A verbatim transcription of the listing below is required, without its pictures.

= Beginning of Section =

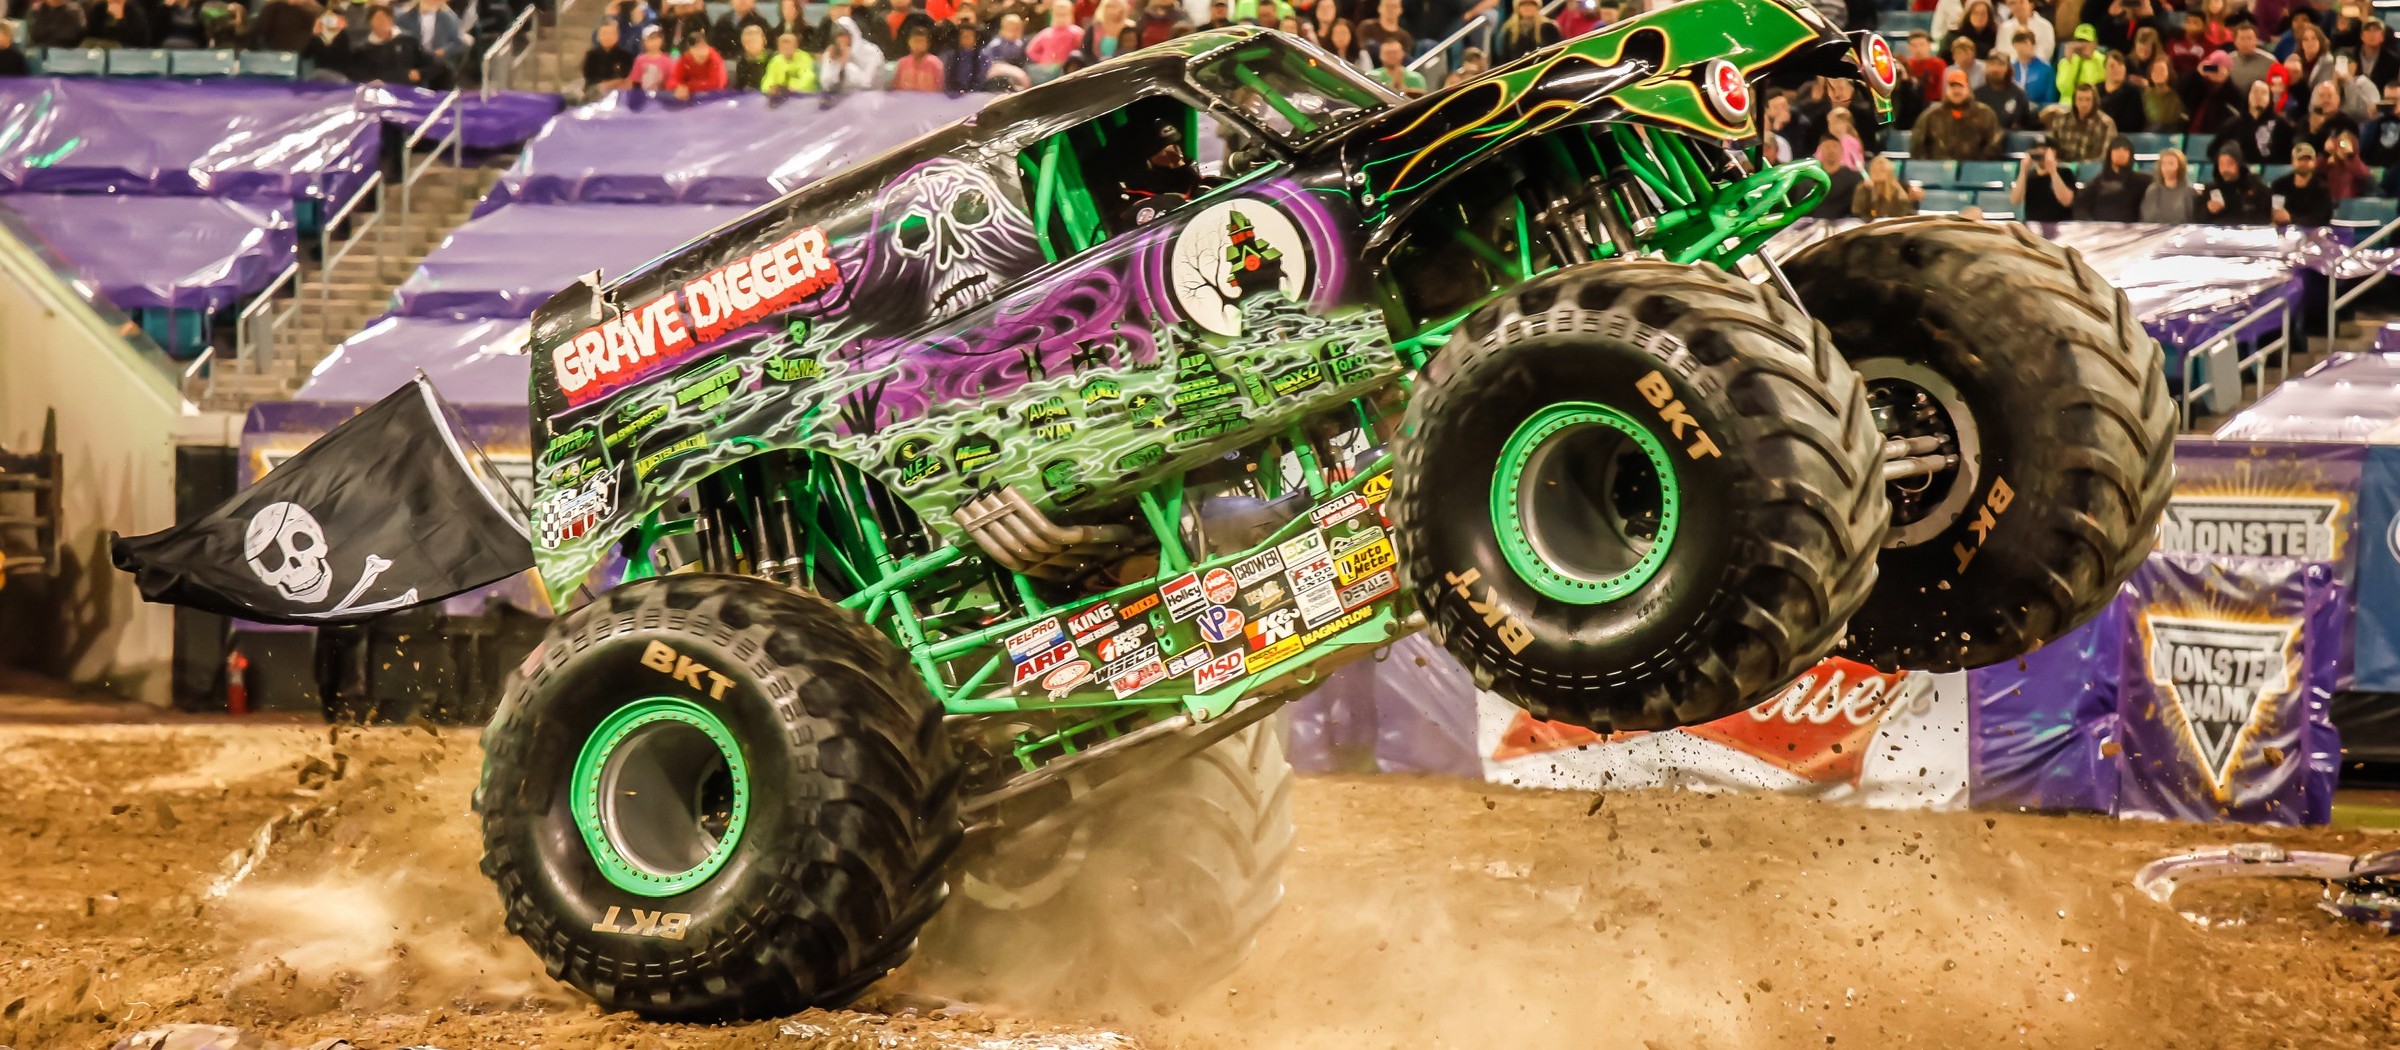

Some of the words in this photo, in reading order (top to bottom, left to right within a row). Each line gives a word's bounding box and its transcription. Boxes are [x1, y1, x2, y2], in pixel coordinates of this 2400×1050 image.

[552, 294, 688, 393] GRAVE
[684, 226, 832, 329] DIGGER
[1180, 354, 1206, 370] RIP
[1270, 362, 1320, 392] MAX-D
[1635, 370, 1722, 460] BKT
[1312, 494, 1356, 521] LINCOLN
[1953, 475, 2015, 575] BKT
[2163, 519, 2331, 560] MONSTER
[1235, 549, 1279, 581] CROWER
[1354, 545, 1382, 565] Auto
[1355, 552, 1391, 574] Meter
[1297, 572, 1335, 592] ENDS
[1302, 567, 1332, 583] ROD
[1343, 573, 1390, 602] DERALE
[1167, 585, 1202, 606] Holley
[1445, 567, 1536, 655] BKT
[1009, 620, 1056, 649] FEL-PRO
[1068, 604, 1115, 636] KING
[1112, 623, 1148, 644] SPEED
[1199, 607, 1226, 640] VP
[1257, 608, 1301, 646] K&N
[1301, 605, 1373, 646] MAGNAFLOW
[1017, 642, 1073, 682] ARP
[1114, 637, 1142, 657] PRO
[640, 640, 737, 700] BKT
[1198, 652, 1242, 685] MSD
[2180, 683, 2252, 723] JAM
[591, 906, 691, 941] BKT

= End of Section =

[Solution for this exercise]
Some of the words in this photo, in reading order (top to bottom, left to right within a row). Each line gives a word's bounding box and its transcription. Boxes are [x1, y1, x2, y2], in pixel coordinates of this 2400×1050 image.

[552, 294, 688, 393] GRAVE
[684, 226, 832, 329] DIGGER
[1180, 354, 1206, 370] RIP
[1270, 362, 1320, 392] MAX-D
[1635, 370, 1722, 460] BKT
[1312, 494, 1356, 521] LINCOLN
[1953, 475, 2015, 575] BKT
[2163, 519, 2331, 560] MONSTER
[1235, 549, 1279, 581] CROWER
[1354, 545, 1382, 565] Auto
[1355, 552, 1391, 574] Meter
[1297, 572, 1335, 592] ENDS
[1302, 567, 1332, 583] ROD
[1343, 573, 1390, 602] DERALE
[1167, 585, 1202, 606] Holley
[1445, 567, 1536, 655] BKT
[1009, 620, 1056, 649] FEL-PRO
[1068, 604, 1115, 636] KING
[1112, 623, 1148, 644] SPEED
[1199, 607, 1226, 640] VP
[1257, 608, 1301, 646] K&N
[1301, 605, 1373, 646] MAGNAFLOW
[1017, 642, 1073, 682] ARP
[1114, 637, 1142, 657] PRO
[640, 640, 737, 700] BKT
[1198, 652, 1242, 685] MSD
[2180, 683, 2252, 723] JAM
[591, 906, 691, 941] BKT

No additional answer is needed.